> _DATA SECTION_
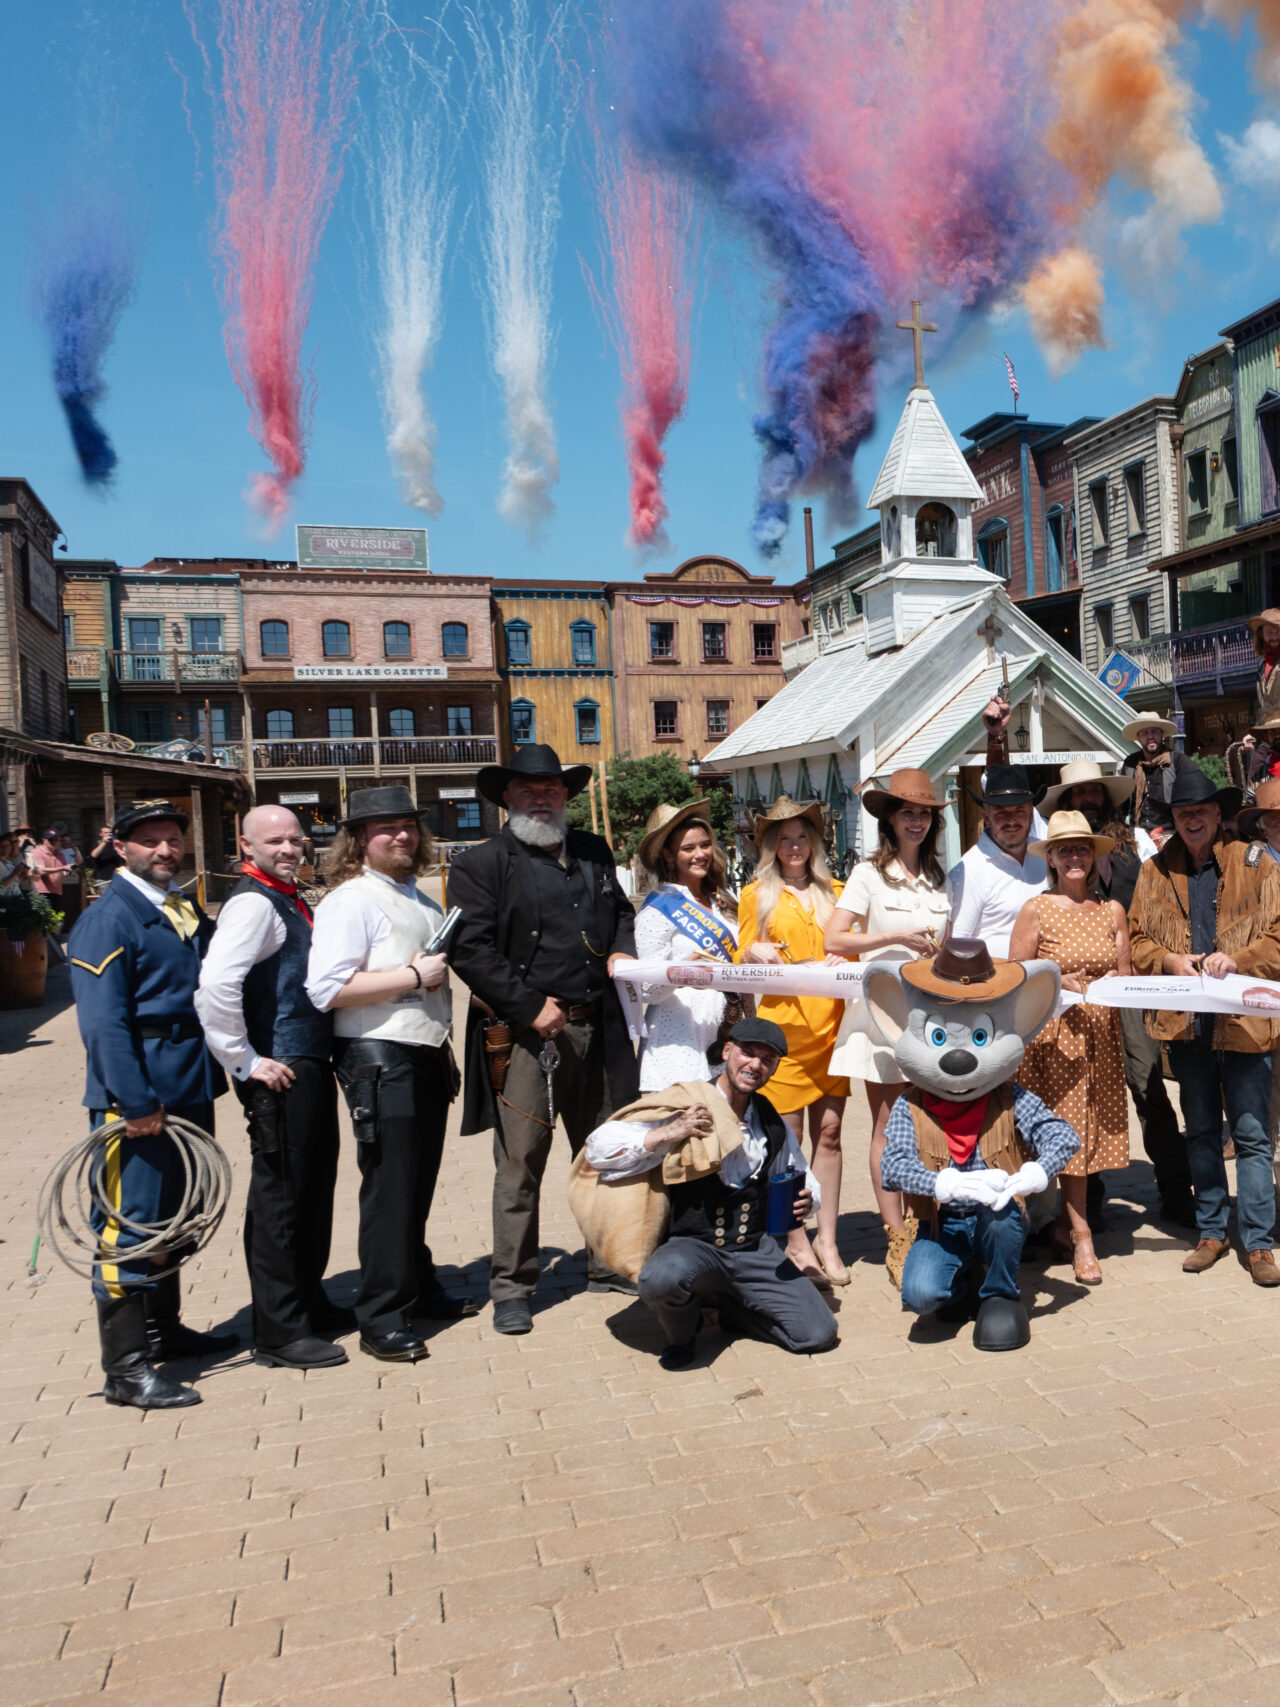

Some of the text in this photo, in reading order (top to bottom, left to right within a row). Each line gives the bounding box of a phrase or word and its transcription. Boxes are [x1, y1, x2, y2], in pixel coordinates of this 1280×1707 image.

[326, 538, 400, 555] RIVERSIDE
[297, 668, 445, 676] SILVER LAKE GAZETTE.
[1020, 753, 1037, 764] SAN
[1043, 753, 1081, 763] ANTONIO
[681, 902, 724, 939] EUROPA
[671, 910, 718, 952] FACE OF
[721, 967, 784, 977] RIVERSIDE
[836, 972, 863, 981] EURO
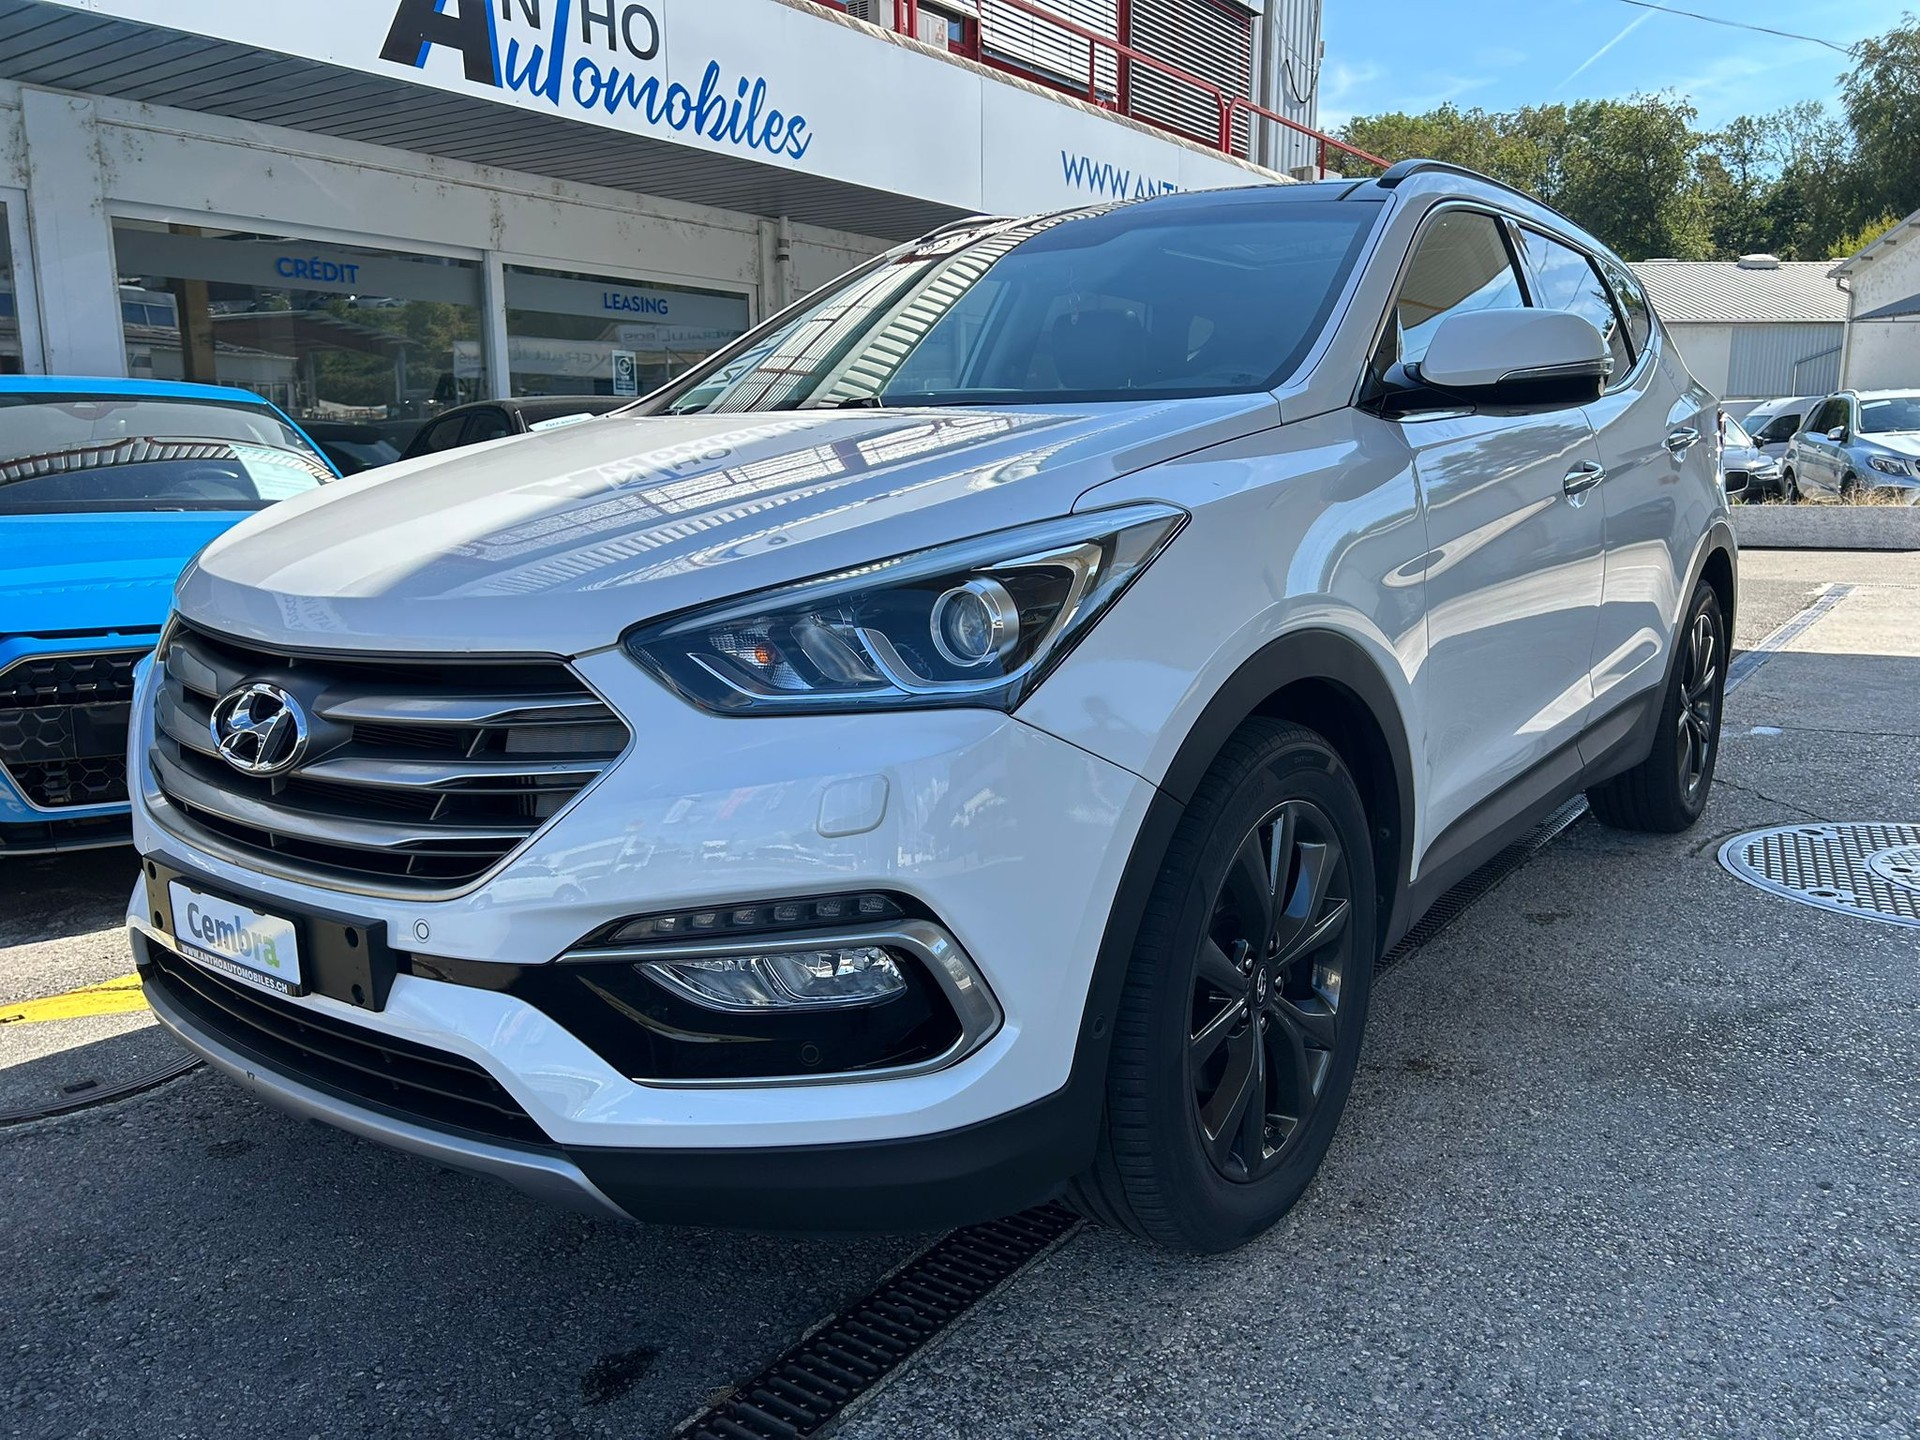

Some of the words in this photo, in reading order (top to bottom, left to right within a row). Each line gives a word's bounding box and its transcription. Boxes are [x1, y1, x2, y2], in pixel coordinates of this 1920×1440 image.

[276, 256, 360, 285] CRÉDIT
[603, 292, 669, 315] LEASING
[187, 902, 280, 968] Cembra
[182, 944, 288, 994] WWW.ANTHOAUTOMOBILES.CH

> _WHAT THIS TASK INVOLVES_
Could all the data above be given again exactly, leaving out its images?

> _ANSWER SPACE_
Some of the text in this photo, in reading order (top to bottom, left to right within a row). Each line gives the bounding box of a phrase or word and its transcription. Boxes are [x1, y1, x2, y2], in pixel coordinates of this 1280×1707 image.

[326, 538, 400, 555] RIVERSIDE
[297, 668, 445, 676] SILVER LAKE GAZETTE.
[1020, 753, 1037, 764] SAN
[1043, 753, 1081, 763] ANTONIO
[681, 902, 724, 939] EUROPA
[671, 910, 718, 952] FACE OF
[721, 967, 784, 977] RIVERSIDE
[836, 972, 863, 981] EURO

Some of the words in this photo, in reading order (top to bottom, left to right within a row). Each line gives a word's bounding box and its transcription. Boxes are [x1, y1, x2, y2], in pixel coordinates of this 1920×1440 image.

[276, 256, 360, 285] CRÉDIT
[603, 292, 669, 315] LEASING
[187, 902, 280, 968] Cembra
[182, 944, 288, 994] WWW.ANTHOAUTOMOBILES.CH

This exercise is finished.